Charles II ordered six ravens to be placed in the Tower of London to protect it. Six ravens are still kept in the tower today and must remain there at all times for superstitious reasons. Book a visit to the Tower of London.

London attraction fact #10

One of Christopher Wren’s original ideas for St Paul’s Cathedral included a 60-foot stone pineapple in place of the now iconic dome. Find out more about St Paul’s Cathedral.

London attraction fact # 11

The Millennium Dome in Greenwich, now known as the O2, is the biggest structure of its kind in the world. It’s so big it can fit the Great Pyramids of Giza comfortably under the roof! The structure is 365m in diameter and 52m high in the middle. Find out more about The Millenium Dome.

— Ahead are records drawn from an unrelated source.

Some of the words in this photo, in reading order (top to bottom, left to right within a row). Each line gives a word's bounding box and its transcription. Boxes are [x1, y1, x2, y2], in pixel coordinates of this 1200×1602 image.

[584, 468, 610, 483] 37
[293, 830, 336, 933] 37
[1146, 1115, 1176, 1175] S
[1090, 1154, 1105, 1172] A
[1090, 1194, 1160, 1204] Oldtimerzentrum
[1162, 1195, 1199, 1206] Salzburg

London attraction fact #12

30 St Mary Axe, more widely known as ‘The Gherkin’ is located in the City of London and made from 7,429 panes of glass. It dominates the skyline of the City of London and stands at 180m, three times the height of Niagara Falls. Find out more about The Gherkin.

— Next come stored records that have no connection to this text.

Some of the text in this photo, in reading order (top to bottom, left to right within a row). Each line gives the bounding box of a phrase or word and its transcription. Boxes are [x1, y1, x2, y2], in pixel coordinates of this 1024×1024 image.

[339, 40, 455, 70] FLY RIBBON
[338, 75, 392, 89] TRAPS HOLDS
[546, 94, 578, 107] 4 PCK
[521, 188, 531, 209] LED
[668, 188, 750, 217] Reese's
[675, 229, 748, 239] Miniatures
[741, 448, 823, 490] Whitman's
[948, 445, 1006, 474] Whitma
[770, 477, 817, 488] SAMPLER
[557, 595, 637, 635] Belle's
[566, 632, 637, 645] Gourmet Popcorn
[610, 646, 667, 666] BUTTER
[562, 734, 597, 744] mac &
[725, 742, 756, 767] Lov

London attraction fact #13

The Palace of Westminster is often referred to as the Houses of Parliament and is situated along the River Thames in Westminster. Until 1512 it was home to the Monarchs of England and the only original part of the building that still stands is Westminster Hall. Find out more about the Palace of Westminster.

London attraction fact #14

Also referred to as the Shard of Glass, The Shard measures over 300m in height is the tallest building in the European Union. It’s made from 11,000 glass panels and a team of 6 abseiling window cleaners ensure that they are kept clean. Find out more about The Shard.

More Facts about Camden

Camden is where The Stay Club student accommodation is based and Wikipedia will tell you that Camden Town is famed for its market, a warren of fashion and curiosities by the Regent’s Canal. Simply put, it’s a very cool part of London and has been described as ‘a jewel in the capital’s tourist crown,’ unbeatable in its location, diversity and buzz.

Camden fact #15

Camden Market is not actually just one market. It’s actually a series of markets located in the borough of Camden: Camden Lock, Canal Market, the Stables, Buck Street Market, Electric Ballroom and Inverness Street Market.

Camden fact #16

‘Please sir, may I have some more?’ The Cleveland Street Workhouse in Fitzrovia, Camden, was identified as the likely location of the workhouse featured in this famous Oliver Twist scene.

Camden fact #17

Camden Market has been ranked as London’s fourth-largest attraction with approximately 100,000 people visiting the stalls and shops each weekend. Camden area generates £1.2 billion from visitor spending and has 24,400 businesses, which is the second largest in London after Westminster.

Camden fact #18

Withnail and I is an iconic film that takes place in Camden Town and features the market as one of its locations. Filmmaker Bruce Robinson once lived in Camden and based the film on his experiences living in the borough. During leaner times, he would swipe fruits and vegetables left behind when the market shut up for him to eat.